Exercise aim:
Transcribe the entries exactly; images are not part of the copy.

[Stored data entries]
----------------------------------------
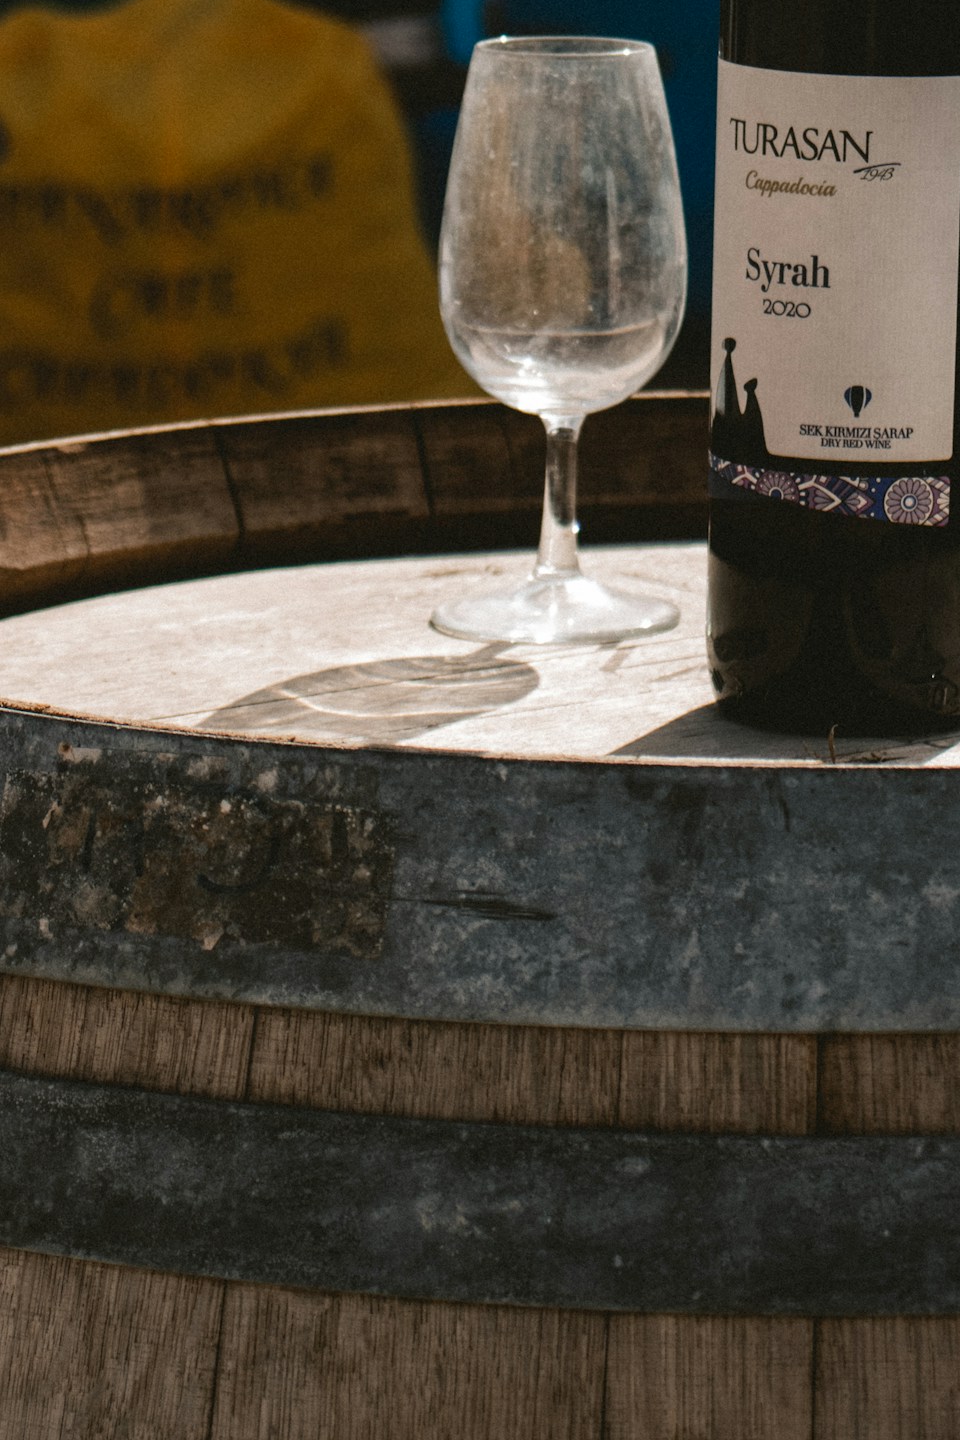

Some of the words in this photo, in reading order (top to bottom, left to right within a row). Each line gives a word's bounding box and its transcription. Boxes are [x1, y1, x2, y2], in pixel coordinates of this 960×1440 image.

[729, 117, 874, 163] TURASAN
[745, 169, 838, 198] Cappadocia
[859, 166, 896, 182] 1943
[745, 246, 831, 293] Syrah
[762, 298, 812, 319] 2020
[799, 424, 823, 437] SEK
[825, 426, 872, 439] KIRMIZI
[820, 438, 842, 448] DRY
[843, 439, 863, 449] RED
[864, 439, 892, 450] WINE
----------------------------------------
Response area:
Some of the words in this photo, in reading order (top to bottom, left to right within a row). Each line gives a word's bounding box and its transcription. Boxes are [x1, y1, x2, y2], in pixel coordinates of this 960×1440 image.

[729, 117, 874, 163] TURASAN
[745, 169, 838, 198] Cappadocia
[859, 166, 896, 182] 1943
[745, 246, 831, 293] Syrah
[762, 298, 812, 319] 2020
[799, 424, 823, 437] SEK
[825, 426, 872, 439] KIRMIZI
[820, 438, 842, 448] DRY
[843, 439, 863, 449] RED
[864, 439, 892, 450] WINE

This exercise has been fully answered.